AID expression in immature/T1 B cells is required for central B cell tolerance (Kuraoka et al., 2011; Meyers et al., 2011). To determine whether MyD88 is crucial to this AID dependent tolerization, we compared the frequency and BCR avidity of immature/T1 B cells specific for double-strand DNA (dsDNA) in MyD88 sufficient and -deficient mice by sorting single immature/T1 B cells from bone marrow into Nojima cultures (Kuraoka et al., 2016). Whereas the frequencies of immature/T1 B cells reactive with dsDNA (dsDNA IgG+/total IgG+) were not significantly different between Myd88+/+ (45/194, 23%) and Myd88−/− (43/168, 26%) mice, the mean dsDNA avidity index (AvIn) (Kuraoka et al., 2016) for Myd88−/− immature/T1 B cells was ~2-fold (0.12 vs 0.05; P <0.001) higher than for Myd88+/+ controls (Figure 3A).

Figure 3. Autoreactive immature/T1 B cells are not efficiently purged in the absence of Myd88.

Figure 3

(A and D) Single immature/T1 B cells isolated from indicated mice were grown in Nojima cultures. Culture supernatants containing 1- to 3 µg/ml IgG were screened for DNA reactivity by ELISA. Anti-DNA IgG AvIn of individual cultures of immature/T1 B cells (B6, n = 45; B6.Myd88 −/−, n = 43; 3H9, n = 63; 3H9, Myd88 −/−, n = 64) are shown. Each point represents an individual immature/T1 B cell culture and determination from at least 2 independent experiments. Boxes extend from the 25th to 75th percentiles and lines in the box represent median. Error bars represent 10th-90th percentile. **P < 0.01, ****P < 0.0001, Mann-Whitney’s U test. (B) Representative flow diagrams for IgM/IgD expression by bone marrow cells of B1-8i, 3H9 and 3H9.Myd88 −/− mice. Numbers near boxes represent frequencies of immature B cells (imm; IgMloIgD), T1 B cells (T1; IgMhiIgD+/−) and mature B cells (mature; IgMintIgDhi). (C) Absolute cell numbers of immature/T1 B cells in bone marrow of B1-8i (n = 9), 3H9 (n = 29) and 3H9.Myd88 −/− (n = 12) mice. n.s.: not significant, P > 0.05; ****P < 0.0001, unpaired Student’s t test; error bars, s.e.m. (E) Number of immature/T1 B cells (relative to 3H9) in bone marrow of B1-8i (n = 9), 3H9 (n = 29), 3H9.Aicda +/− (n = 5), 3H9.Myd88 +/− (n = 7), 3H9.Aicda +/− Myd88 +/− (n = 18), 3H9.Aicda −/− (n = 10), and 3H9.Myd88 −/− (n = 12) mice. Error bars, s.e.m. *P < 0.05, **P < 0.01, ***P < 0.001, Unpaired Student’s t test. See also Figure S2.

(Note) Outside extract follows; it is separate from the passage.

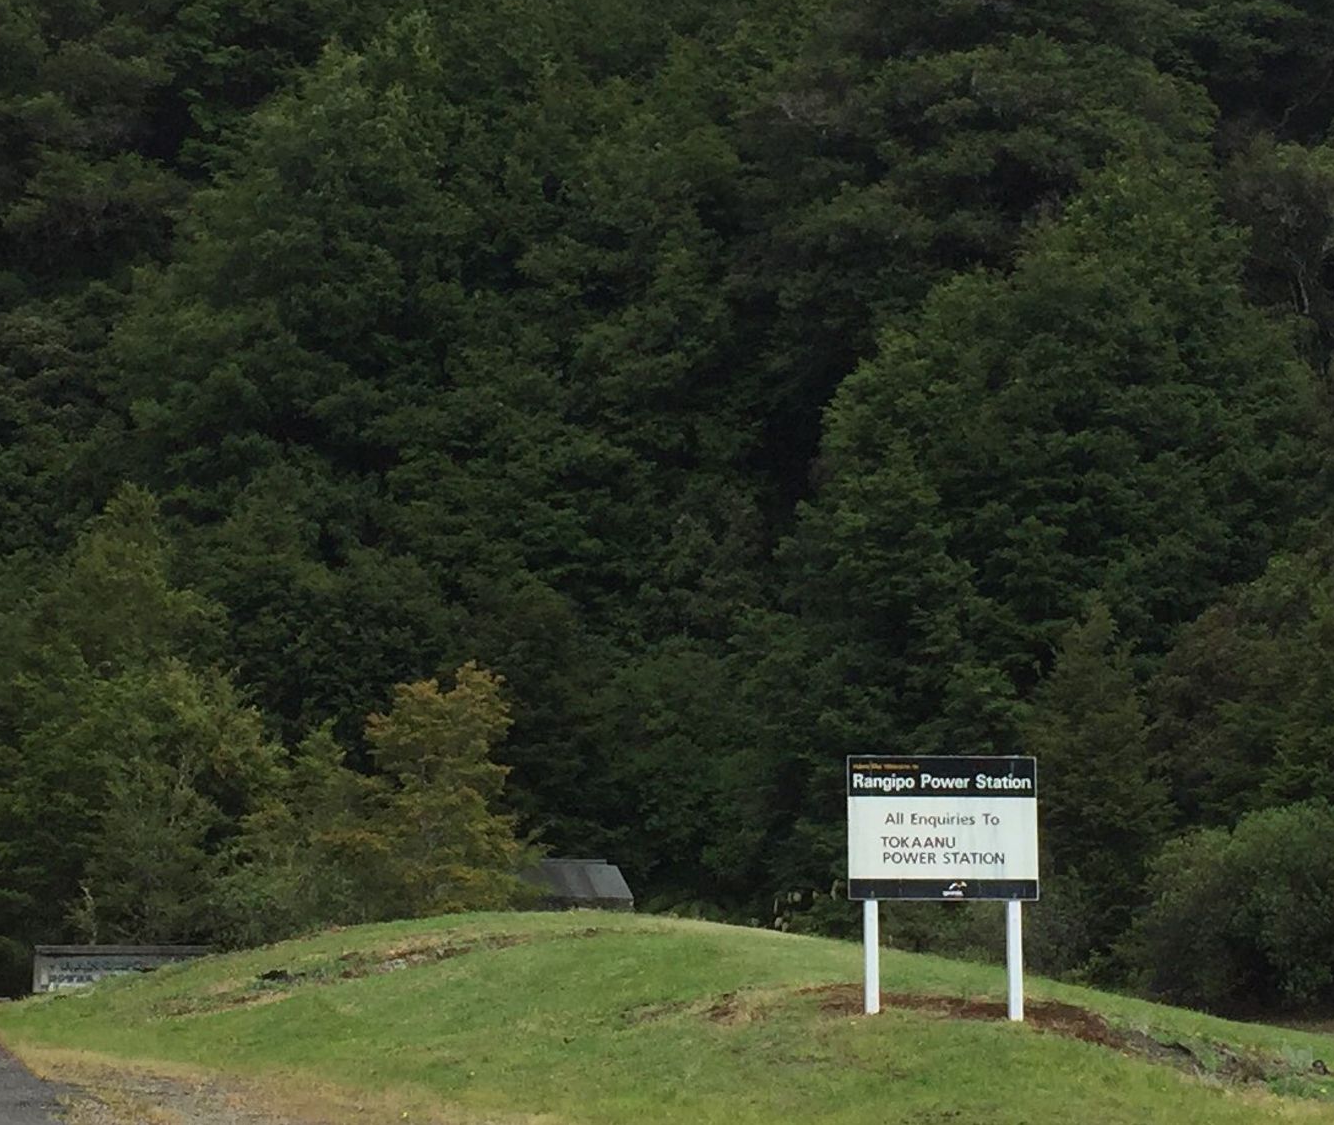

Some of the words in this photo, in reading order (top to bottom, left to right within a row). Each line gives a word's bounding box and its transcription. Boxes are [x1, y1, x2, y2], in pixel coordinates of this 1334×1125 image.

In addition, the developmental blockade of immature/T1 B cells that characterizes autoreactive 3H9 mice (Chen et al., 1995a; Kuraoka et al., 2011) was reversed in 3H9.Myd88−/− mice. Numbers of immature/T1 B cells in the bone marrow of 3H9 mice was significantly lower (48%; P <0.001) than in non-autoreactive B1-8i controls (Sonoda et al., 1997) (Figures 3B and 3C). In 3H9.Myd88−/− mice, immature/T1 B cell numbers were significantly higher (P <0.001), reaching levels comparable to those in B1-8i controls (Figures 3B and 3C). Moreover, mean dsDNA AvIn were 2.7-fold higher (P <0.001) in 3H9.Myd88−/− mice than in 3H9.Myd88+/+ mice (Figure 3D). We conclude that Myd88 is crucial for purging autoreactive immature/T1 B cells at the first tolerance checkpoint and that this tolerization is guided by BCR avidity.

Aicda and Myd88 coordinately mediate central B cell tolerance

Analysis of 3H9 mice heterozygous for Aicdanull or Myd88null alleles (3H9.Aicda+/− or 3H9.Myd88+/−) revealed gene dosage effects on the loss of autoreactive immature/T1 B cells (Figure 3E). Compared to Aicda+/+ 3H9 mice, the number of immature/T1 B cells increased by 55% (P <0.05) and 112% (P <0.001) in 3H9.Aicda+/− and 3H9.Aicda−/− mice, respectively. Similarly, immature/T1 B cell numbers increased by 91% (P <0.001) in 3H9.Myd88+/− and by 148% (P <0.001) in 3H9.Myd88−/− mice. Significantly, the number of immature/T1 B cells in 3H9.Aicda+/−Myd88+/− doubly heterozygous mice was no different (P ≥0.43) from that in 3H9.Aicda−/− or 3H9.Myd88−/− mice. Aicda and Myd88 cooperate in a common genetic pathway to regulate the first checkpoint of B cell tolerance.

Chloroquine relaxes central B cell tolerance

To assess whether inhibition of endosomal acidification could reduce central B cell tolerance in vivo, we treated autoreactive 3H9 and 2F5 (Verkoczy et al., 2011) mice with chloroquine or PBS for 7–8 days (Figure S3) and subsequently enumerated immature/T1 B cells in the bone marrow.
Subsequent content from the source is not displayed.